Tayeb a 5 ans quand je le reçois au CMPP car il ne marche pas. Il ne parle pas non plus et ne regarde pas. Il est nourri au biberon en raison des fausses routes. Il n’a pas acquis la propreté. Aucune pathologie n’a été décelée au CAMPS.
A la première rencontre, la mère tient son enfant dans ses bras et essaie de se faire comprendre1. Les échanges sont limités à des petits sourires. Quand elle bouge, l’enfant reste figé. C’est avec le dessin que nous parviendrons à parler : je nous dessine, elle fait un visage avec un large sourire et nous fixons les rendez-vous.
Quand je m’adresse à lui, il ne réagit pas. La mère prend son visage et le tourne vers moi. Les yeux de Tayeb sont fixés à la fenêtre. Un jour, elle vient avec des gâteaux que nous partageons et consent à laisser l’enfant. Il est assis par terre, moi aussi. Son regard reste fixé à la fenêtre. Si je m’approche de lui, il pleure. Il ne manifeste pas d’intérêts pour les jouets. Les séances sont éprouvantes mais il me faut tenir un cap – celui de mon désir – et mettre en tension nos deux présences pour qu’elles fassent rencontre.
Un jour, je fais rouler une balle vers lui, Tayeb lève sa main et repousse la balle vers moi sans me regarder. La balle fait un trajet que je perçois comme une amorce de lien par le rejet qui s’y manifeste. Surprise, je réitère le geste. Il recommence. Ce renvoi est le premier signe sur lequel je m’appuie pour m’orienter.
Cet aller-retour de la balle dessine un parcours de la pulsion du sujet à partir du champ de l’Autre et pour circonscrire son trajet, alors que nous sommes face à face, toujours assis par terre, je mets mes pieds près des siens comme cadre de circulation de l’objet qui est roulé à même le sol et donc inscrit dans un tracé.
Je poursuis même si le regard de l’enfant est encore dirigé vers la fenêtre. Le bureau est « plein de sa présence » : il n’y a pas de point d’où partirait le regard, pas de point aveugle puisque le regard est partout : Tayeb a une vision périphérique.
Au cours d’une séance, alors que l’échange perd de sa dynamique, je mets mes mains sur mes yeux et dis : « Coucou ». Tayeb sursaute, me regarde pour la première fois et rit aux éclats. Ensuite, il se tourne et commence à se déplacer dans le bureau, tel un pantin qui s’anime : le mouvement n’est pas assuré, les gestes ne sont pas coordonnés. Il réussit à se mettre à quatre pattes, il se cogne un peu sur son parcours mais il semble avoir trouvé une orientation. L’enfant laisse l’Autre en plan et va s’occuper ailleurs.
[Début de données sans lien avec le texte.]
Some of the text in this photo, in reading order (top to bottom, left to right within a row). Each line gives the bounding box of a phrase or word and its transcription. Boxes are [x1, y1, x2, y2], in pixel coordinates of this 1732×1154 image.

Un jour, alors que je lui tourne le dos, il vient me secouer le bras jusqu’à ce que je le regarde et manifeste une jubilation quand je sursaute : « Oh, mais, qu’est-ce que tu fais ? » Il rit et là, non seulement il me regarde mais il consent à être regardé.
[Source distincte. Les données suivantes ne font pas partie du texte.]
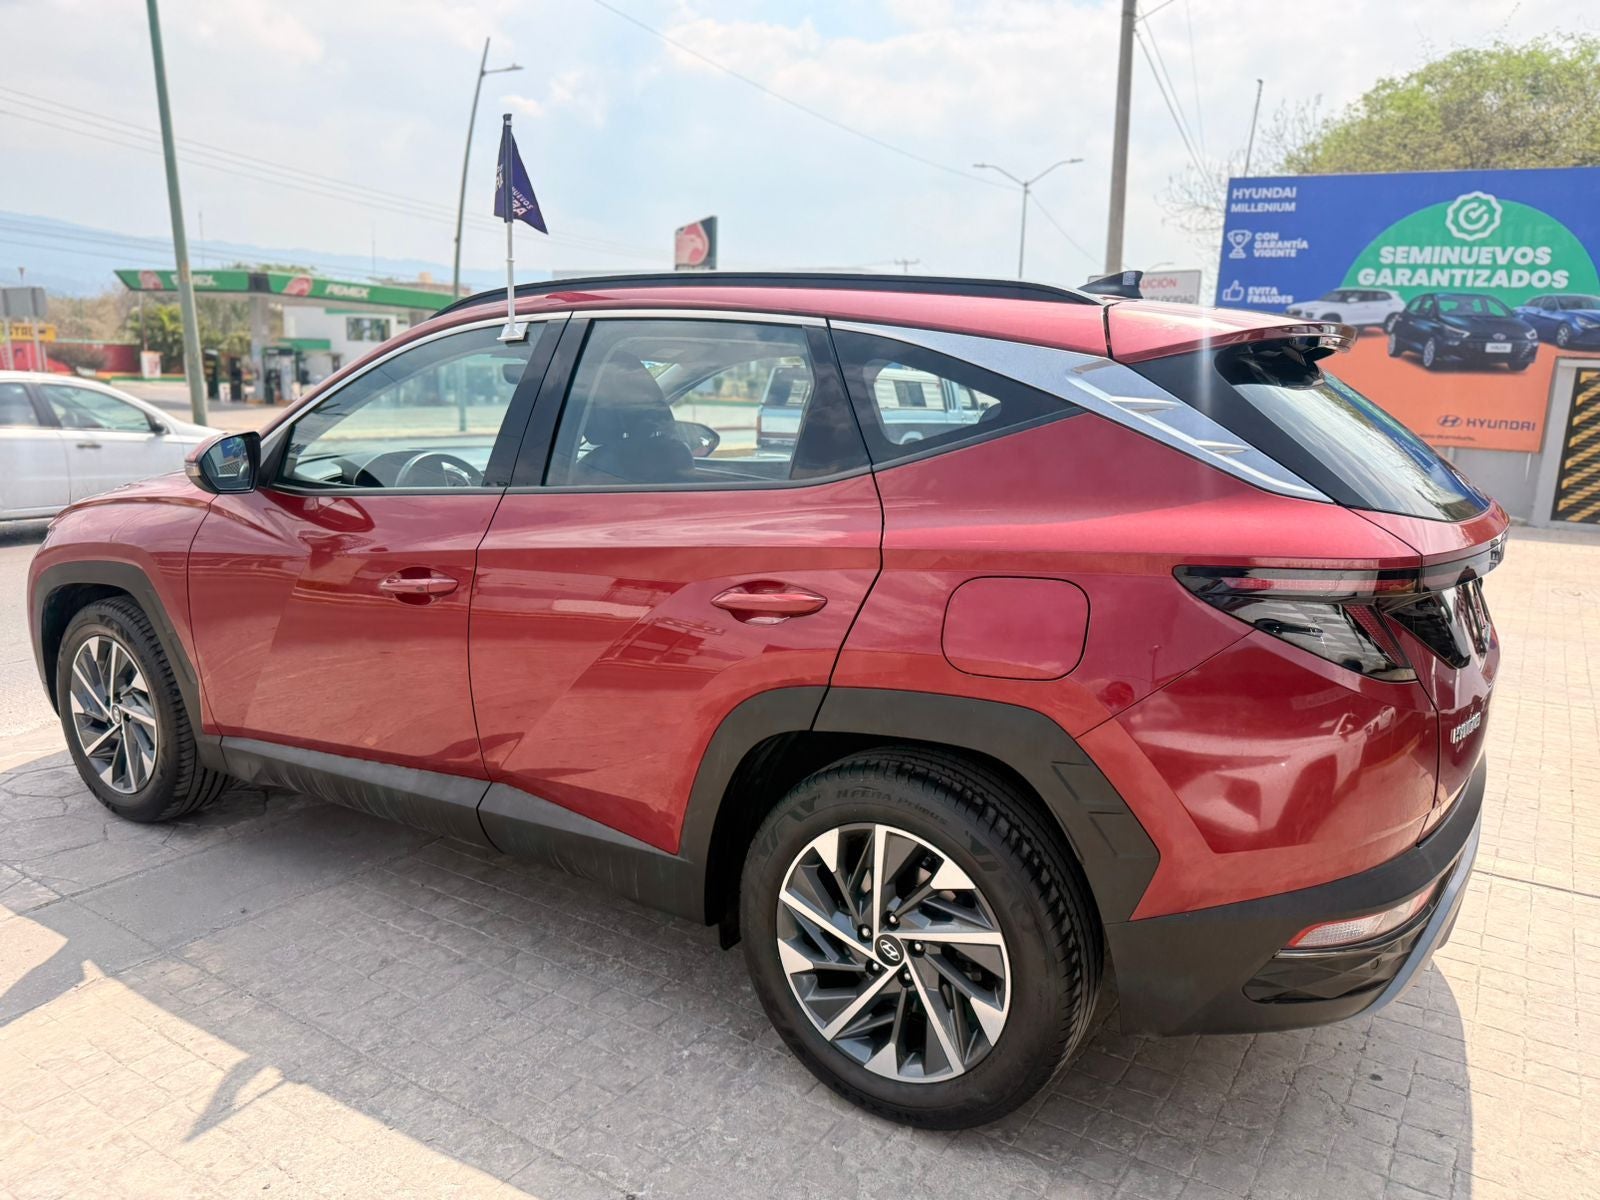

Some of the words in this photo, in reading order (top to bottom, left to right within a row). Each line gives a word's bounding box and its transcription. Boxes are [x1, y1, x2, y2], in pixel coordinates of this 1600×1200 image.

[1232, 186, 1297, 199] HYUNDAI
[1230, 202, 1297, 213] MILLENIUM
[1255, 232, 1279, 240] CON
[1254, 237, 1309, 249] GARANTÍA
[1253, 249, 1297, 258] VIGENTE
[1379, 245, 1552, 266] SEMINUEVOS
[170, 274, 217, 286] PMEX
[1357, 267, 1570, 289] GARANTIZADOS
[325, 284, 371, 298] PEMEX
[1247, 286, 1279, 295] EVITA
[1247, 294, 1294, 304] FRAUDES
[1466, 417, 1537, 432] HYUNDAI
Ainsi, le trajet de la pulsion conduit « le sujet à décrocher un objet sur le corps de l’analyste. » 2 qui vient faire articulation entre la pulsion et l’organe qu’est l’œil. Il peut alors faire usage du regard dont la fonction a permis le nouage : le regard l’ancre dans le sol et lui donne une direction vers l’objet qui le cause.
Ce circuit va le conduire à une nourriture diversifiée. Nous soulignons ici que, quand le regard n’a pas de direction, le petit d’homme fait des fausses routes. Et avec la psychomotricienne vers laquelle il consentira à se diriger, Tayeb fera ses premiers pas vers l’Autre, en courant, les bras ouverts.
Ce cas clinique a initialement été présenté le 5 novembre 2016 aux 46e journées de l’École de la Cause freudienne,« L’objet regard ».
1 Elle ne parle pas français.
2 Laurent E., La bataille de l’autisme, Paris, Navarin, 2012, p. 44.